The kitchen clock went
tick, tick, tick
.
Suddenly her father slapped his hand on the table. “I have an idea,” he said.
“What?” Loretta said.
“Why don't we visit some of those places on that charm bracelet?” Loretta's father grinned at them.
Loretta felt her heart leap with excitement.
“Really?”
Her father wiped his mouth with a paper napkin and nodded. “Sure,” he said.
Loretta cocked her head and raised her eyebrows. “Texas?” she said.
Her father scratched his chin. “Hmmm,” he said. “That's a little far. Why don't we start closer to home?”
“What about the Smoky Mountains?” Loretta's mother said.
Loretta crossed her fingers under the table and waited, watching her father's face.
He squinted up at the ceiling. Then he slapped his hand on the table again. “Sure!” he said. “Let's do it.”
Loretta ran and got the charm bracelet. She held it over the dinner table so the tiny silver bear dangled in front of them.
The silver bear from the Great Smoky Mountains.
Then she hugged her father and kissed her mother and said, “Thank you.”
The kitchen clock went
tick, tick, tick
.
And Loretta's mother said, “Aren't we lucky, Marvin?”
Kirby Tanner snatched a package of red licorice off the
shelf beside the cash register and jammed it into his pocket. He glanced out the front window of the gas station to make sure the old man was still pumping gas, then he took a piece of bubble gum out of the jar on the counter. He unwrapped it, tossed the wrapper on the floor, and popped the gum into his mouth. Then he headed out to the car to wait for his mother.
“Where y'all from?” the old man asked, wiping his hands with an oily cloth.
Kirby didn't answer. He climbed into the front seat of the car and stared straight ahead.
“I
said
, where y'all from?” The old man peered through the window at Kirby.
Kirby took his sneakers off and tossed them onto the floor with all the other junk down there. An empty soda can. A McDonald's wrapper. Cigarette butts. The tattered shoebox that Burla Davis had given him, tied up with string.
“Just some little ole things I thought you might like,” Burla had said that day Kirby had gone over to say goodbye.
Had it been only yesterday?
Kirby could feel the licorice in the pocket of his shorts. It felt hot, like fire, burning through the thin cotton.
When he heard his mother's sandals slapping on the concrete, he looked up.

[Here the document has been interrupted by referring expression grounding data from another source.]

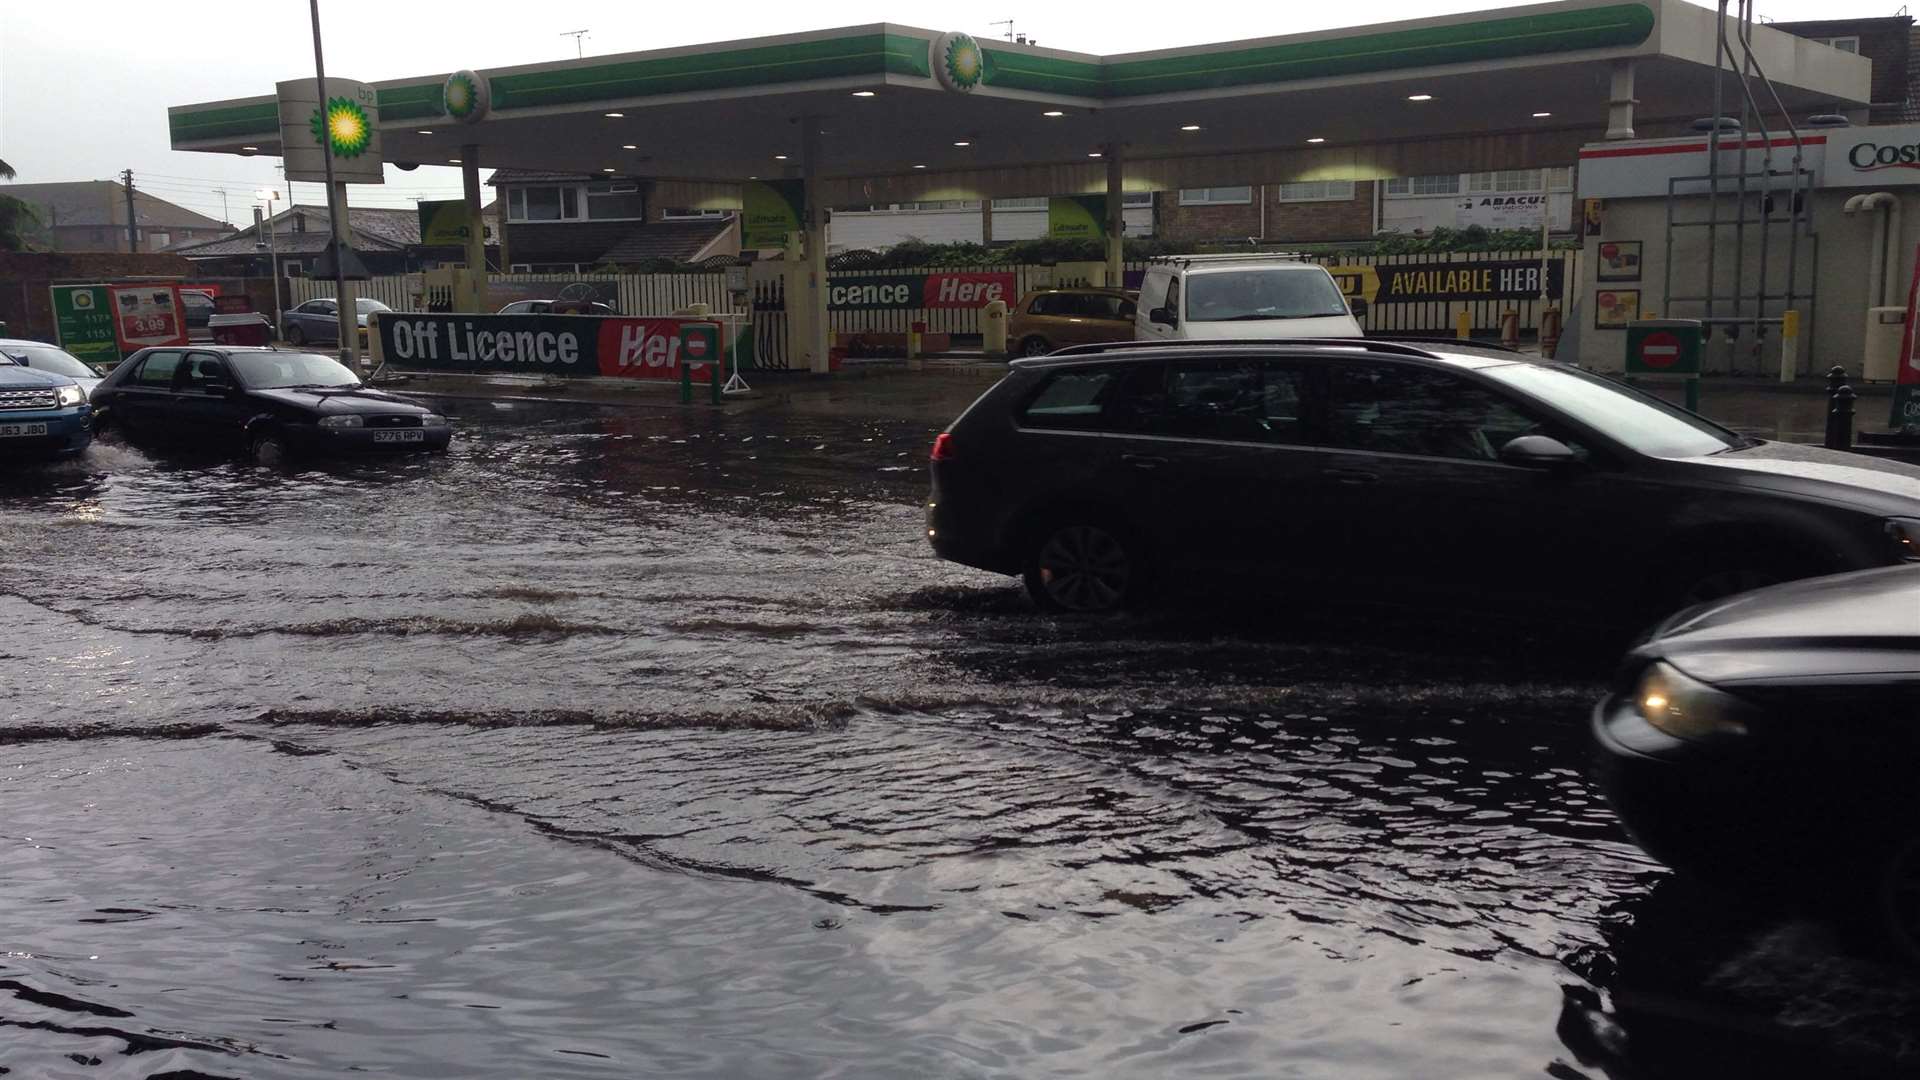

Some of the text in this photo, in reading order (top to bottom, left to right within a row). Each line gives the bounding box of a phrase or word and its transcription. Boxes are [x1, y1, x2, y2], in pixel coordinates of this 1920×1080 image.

[358, 86, 374, 103] bp
[939, 278, 1003, 303] Here
[1391, 268, 1492, 295] AVAILABLE
[393, 320, 706, 370] Off Licence Her
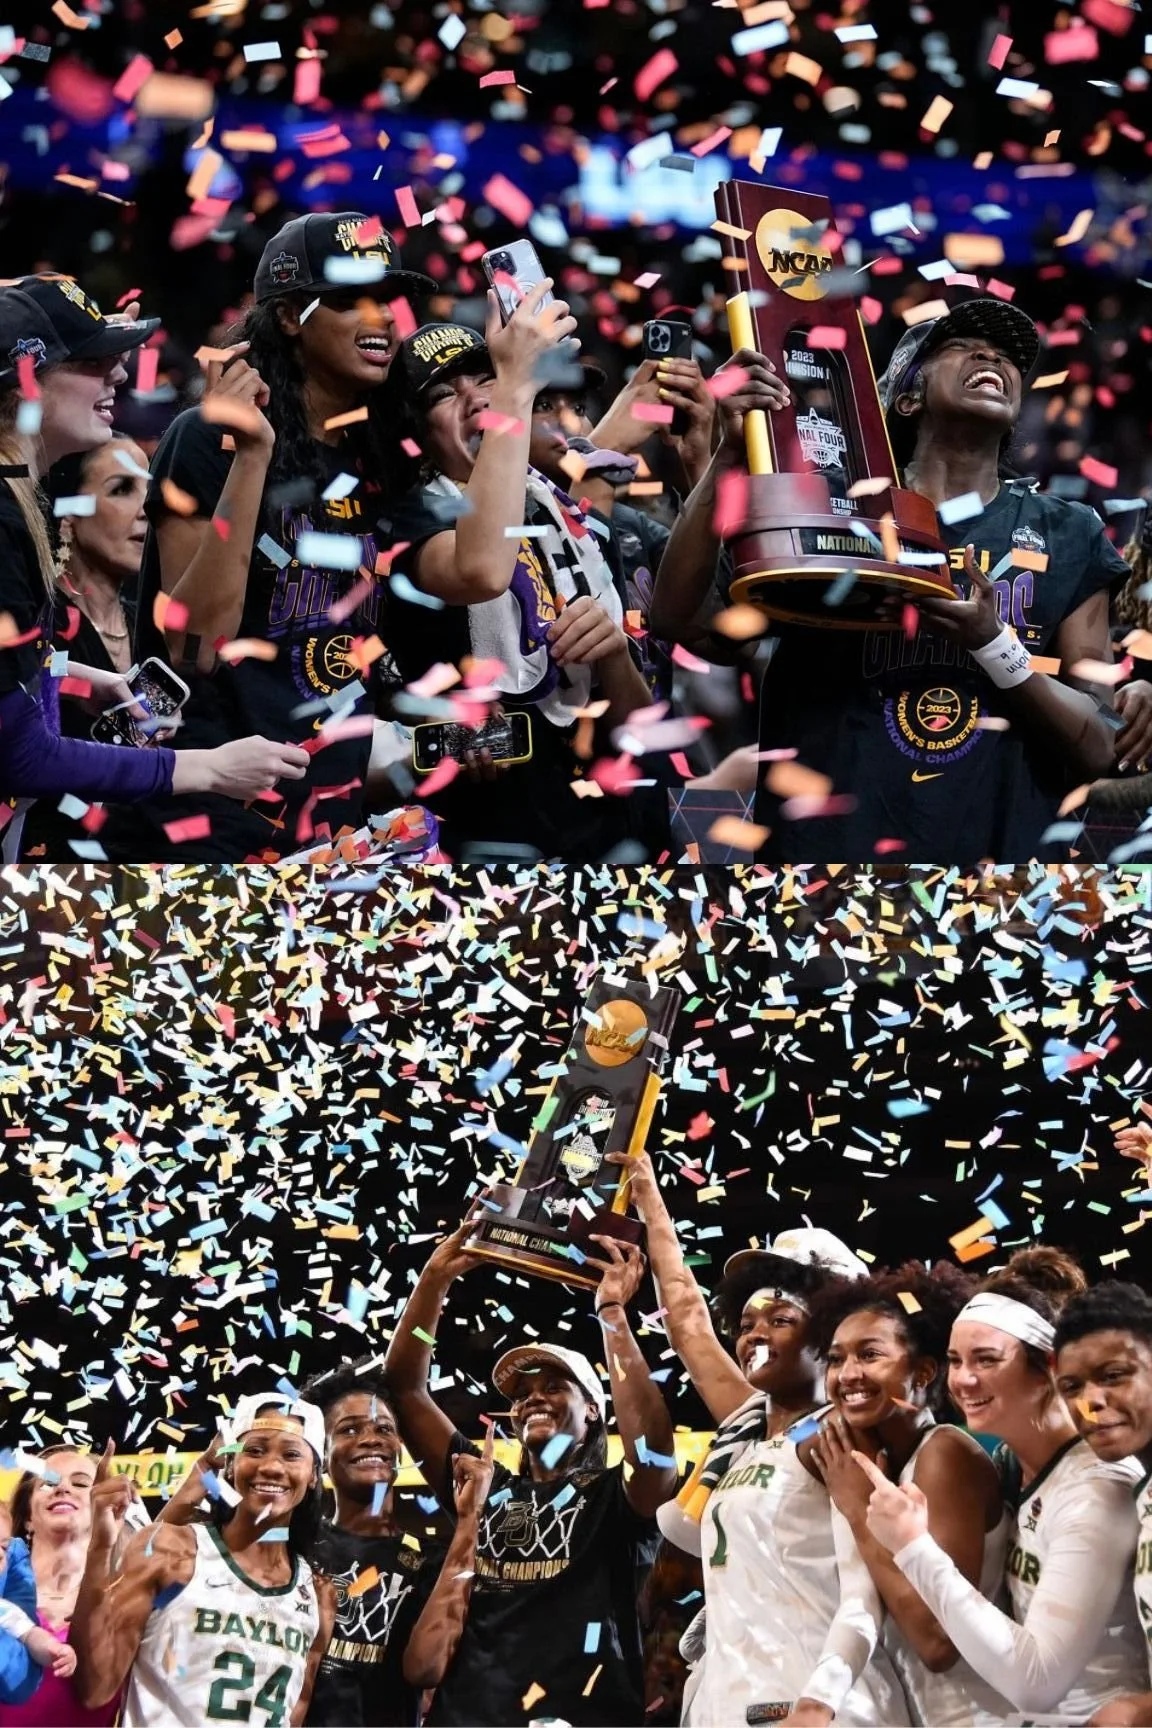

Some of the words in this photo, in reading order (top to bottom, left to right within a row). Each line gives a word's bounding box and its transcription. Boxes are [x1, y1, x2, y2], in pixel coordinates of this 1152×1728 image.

[791, 350, 815, 364] 2023
[819, 431, 847, 449] FOUR
[926, 704, 952, 714] 2023
[897, 690, 926, 748] WOMEN'S
[927, 695, 979, 750] BASKETBALL
[489, 1226, 529, 1246] NATIONAL
[709, 1501, 728, 1568] 1
[206, 1650, 294, 1728] 24
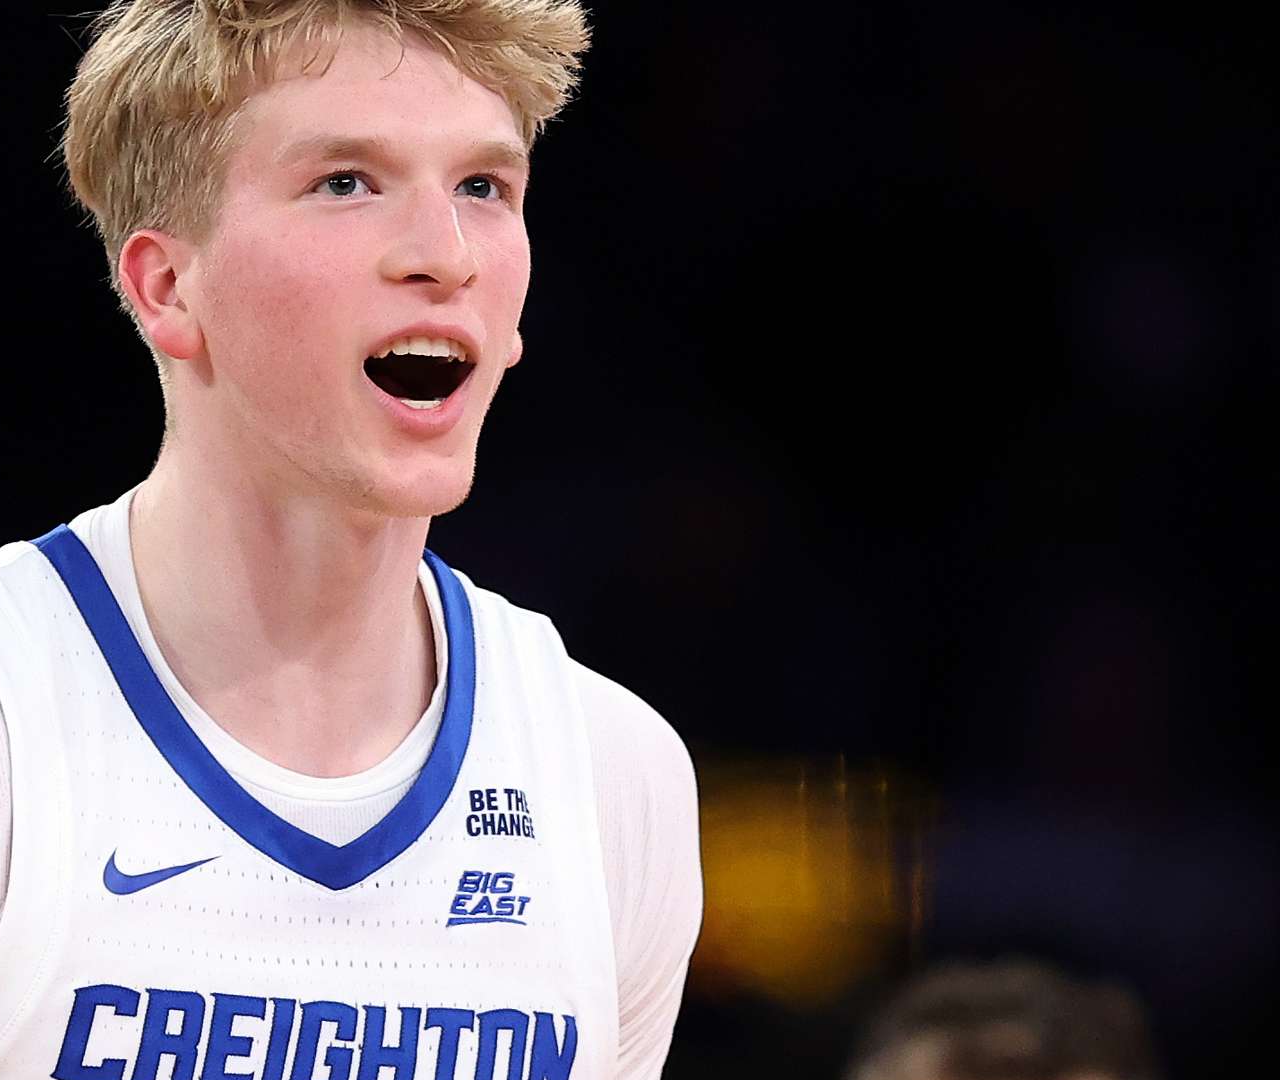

She had pinned her frizzy red hair on top of her head and was wiping her neck with a paper towel.
“Great day for the AC to go out on this piece of junk,” she said, giving the tire of their car a kick.
The old man chuckled. “I hear ya,” he said. “Want me to take a look at it?”
“You gonna fix it for free?” she said.
“Can't do that,” the man said. “I could give you a good deal, though.”
Kirby's mother yanked the car door open and flopped inside, tossing her purse into the backseat.
“Yeah, I bet,” she muttered, slamming the door shut and starting the engine with a roar.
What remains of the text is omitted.